Resmack: Part 1: Grammar Fuzzing Thoughts
Note: This post is part of a series on developing resmack. See the resmack tag for all posts in the series.
I am working on a new grammar fuzzer, resmack-rust (renamed to resmack-rust to free up the name resmack) that is intended to be fast, handle dynamic expressions, and easy to use. This post contains a few of my current thoughts from resmack’s development.
Python Is Slow
A large part of wanting to improve on my other grammar fuzzer,
gramfuzz, was due to massive, but
expected, disappointment in not being able to use my python-based tools
as part of a fast, coverage-based fuzzer. I always knew Python’s speed wouldn’t
be able to stack up against something written in C
/Rust
/*, but it was much
worse than I thought, even with all of the tricks and optimizations that I
used to boost pfp’s data generation speed. See
the performance section
of a talk I gave about using pfp
with libFuzzer:
Method | Exec/s | Chart |
---|---|---|
libFuzzer + pfp | ~8k/s | ▓▓▓▓▓▓▓▓ |
libFuzzer | ~75k/s | ████████████████████████████████████████ |
Rust is Fast
Rust had been on my to-do list for far too long. I had attempted a few times to pick it up, but didn’t generate the velocity needed to break through the “wow this is different/hard” learning curve. I had been itching to have another go at Rust.
I have also been enjoying Brandon Falk’s Twitter discussions and live-streams of the work he is doing. Reading through his fzero fuzzer grammar fuzzer project is what reminded me of my solution for gracefully handling recursion in gramfuzz.
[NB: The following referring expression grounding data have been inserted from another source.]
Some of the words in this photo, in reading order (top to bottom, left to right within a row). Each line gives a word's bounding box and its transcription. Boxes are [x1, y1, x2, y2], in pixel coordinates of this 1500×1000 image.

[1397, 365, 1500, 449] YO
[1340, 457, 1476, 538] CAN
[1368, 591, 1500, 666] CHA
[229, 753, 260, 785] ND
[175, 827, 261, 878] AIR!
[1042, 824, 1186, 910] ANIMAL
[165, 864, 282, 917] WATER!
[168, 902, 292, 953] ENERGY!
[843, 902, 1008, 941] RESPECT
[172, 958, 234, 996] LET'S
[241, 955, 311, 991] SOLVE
Brandon’s fzero grammar fuzzer is written in Rust, and was created in response to f1 fuzzer. It is very fast. I use his fuzzer as a reference point for resmack as I develop it. I run my fuzzer and fzero on the same grammar, with both reporting MiB/s of generated data.
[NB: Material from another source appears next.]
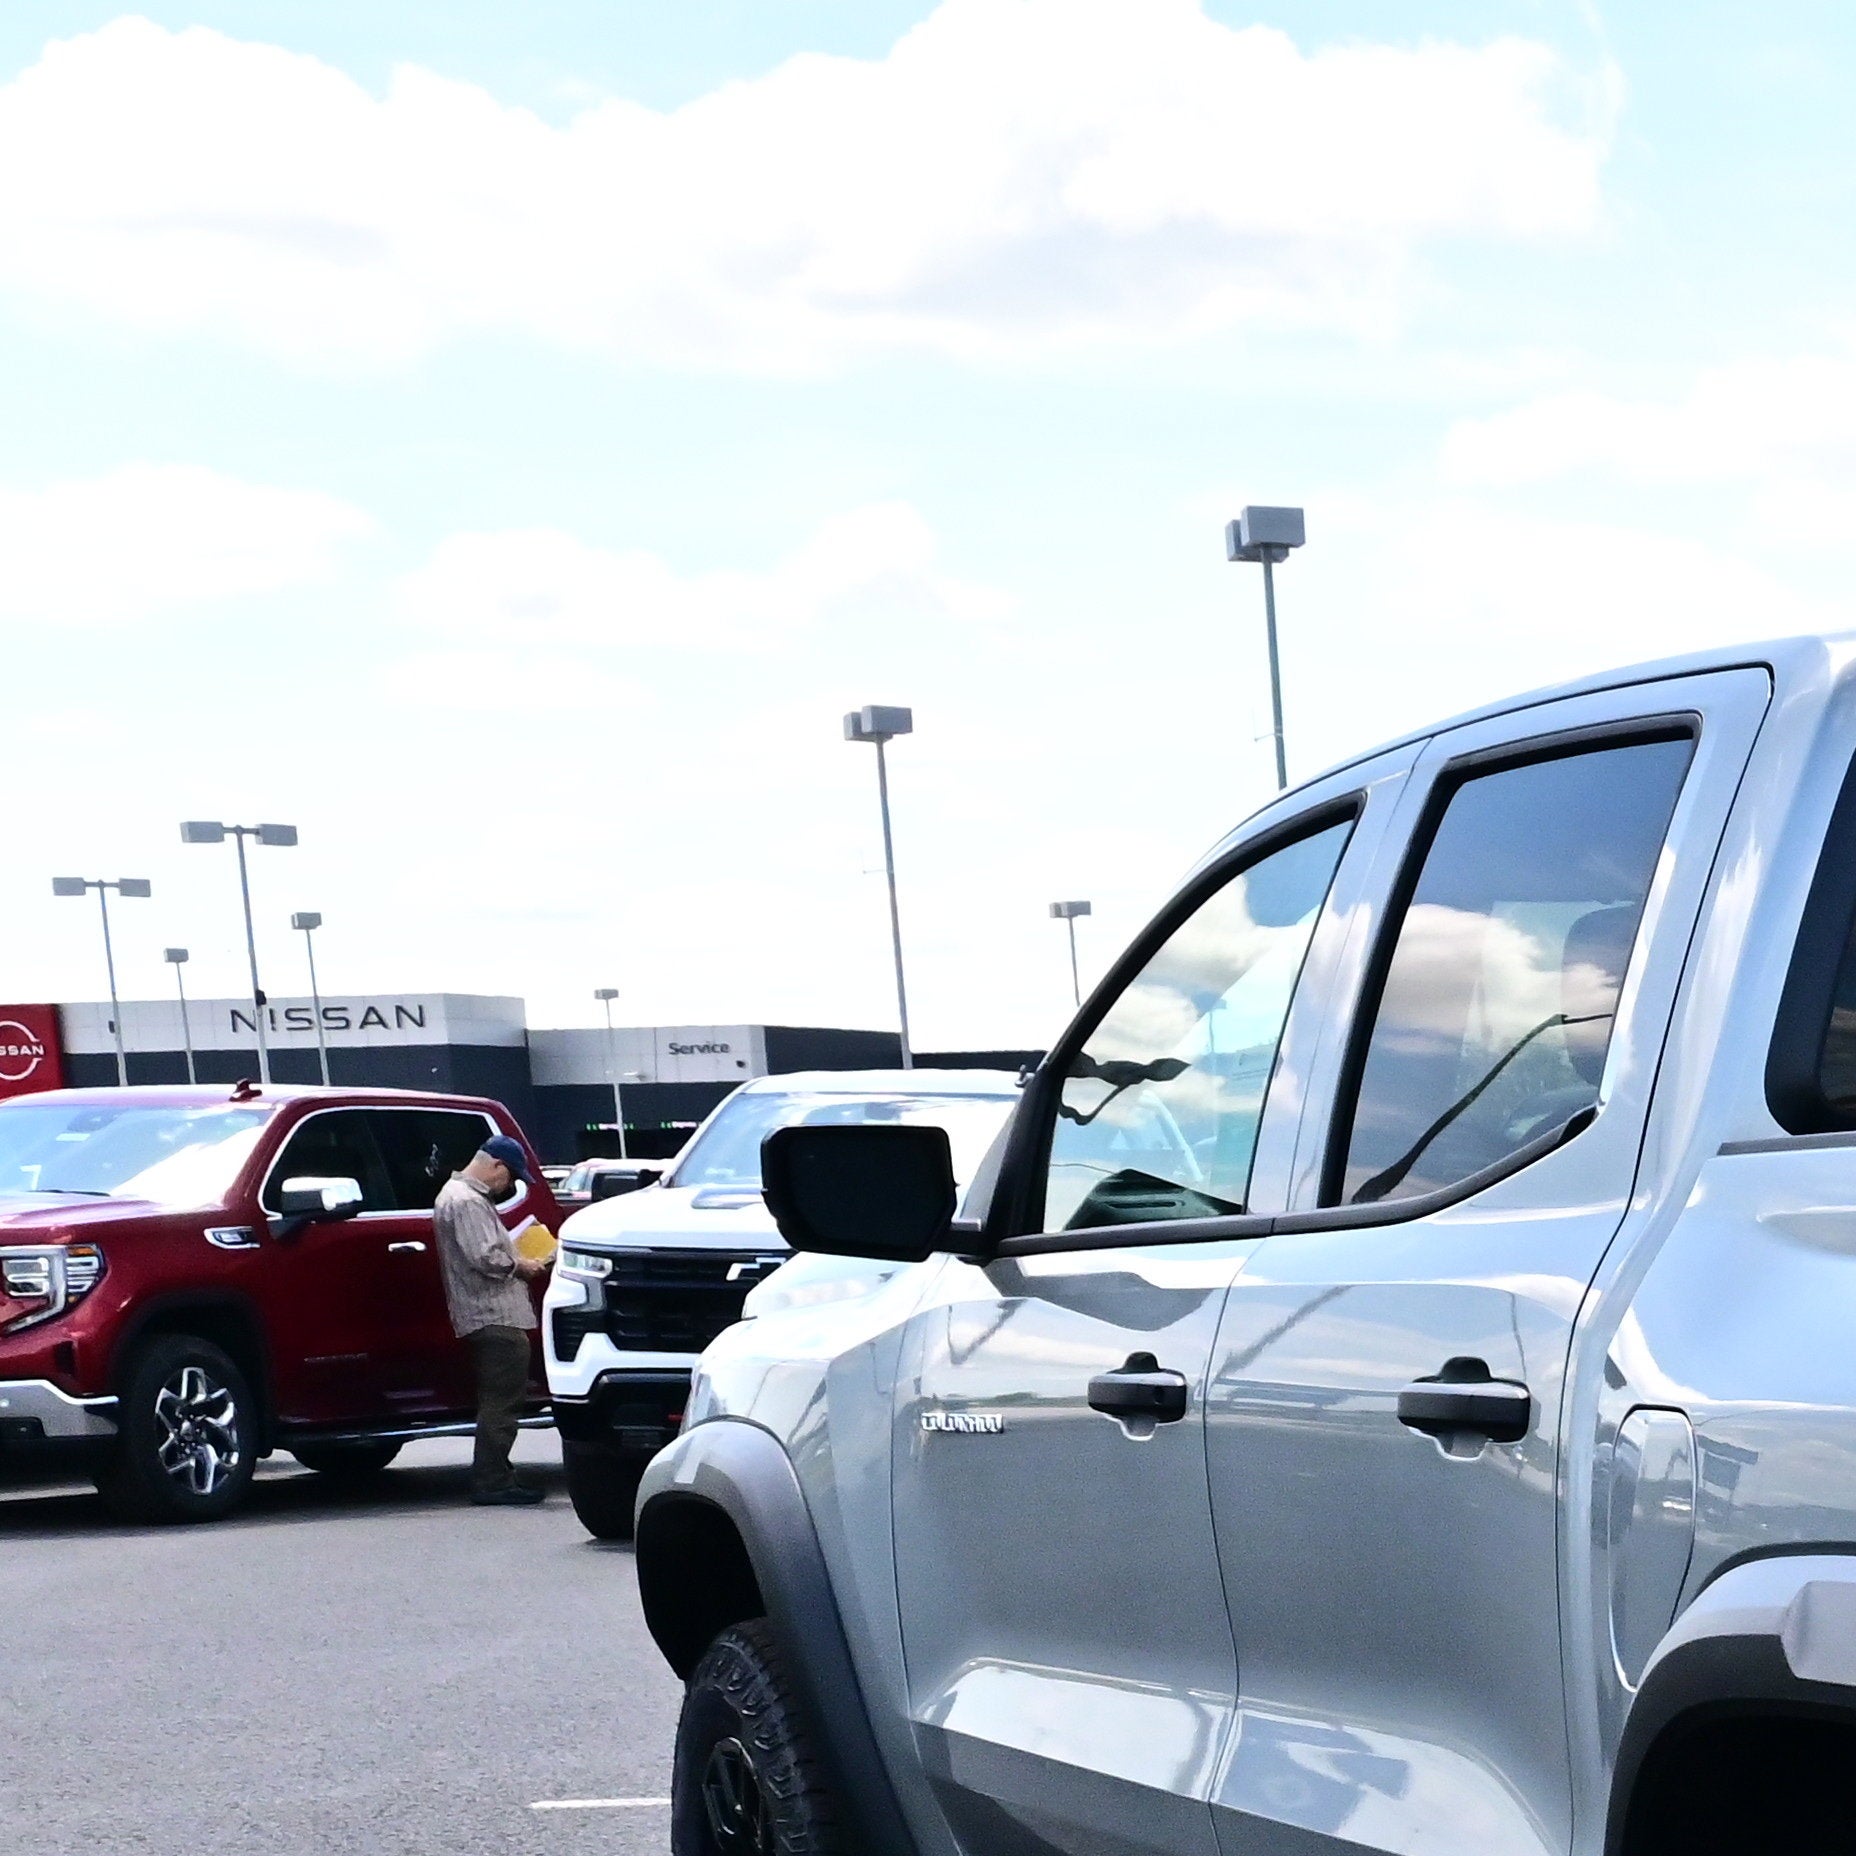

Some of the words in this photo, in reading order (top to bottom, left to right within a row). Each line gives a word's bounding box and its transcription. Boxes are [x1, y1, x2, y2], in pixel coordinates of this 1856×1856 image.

[230, 1004, 427, 1032] NISSAN
[0, 1045, 44, 1056] SSAN
[668, 1042, 730, 1055] Service
Below is a trivial grammar that I run resmack with:
let rules = rules
.add_rule("Special", "SPECIAL ONE")
.add_rule("RefdRule", or!("Hello", "Blah", reff!("Special")))
.add_rule("TestRule", and!(reff!("RefdRule"), "World"))
.add_rule("TestRule2", and!(reff!("TestRule"), "World"))
.add_rule("TestRule2", and!(reff!("TestRule"), "World"))
.add_rule("TestRule2", int!(min = 5, max = 1337))
.add_rule("TestRule2", and!(or!(1, 2, 3, 4, 5, string!(min = 5, max = 10, charset = "abcdefg"))))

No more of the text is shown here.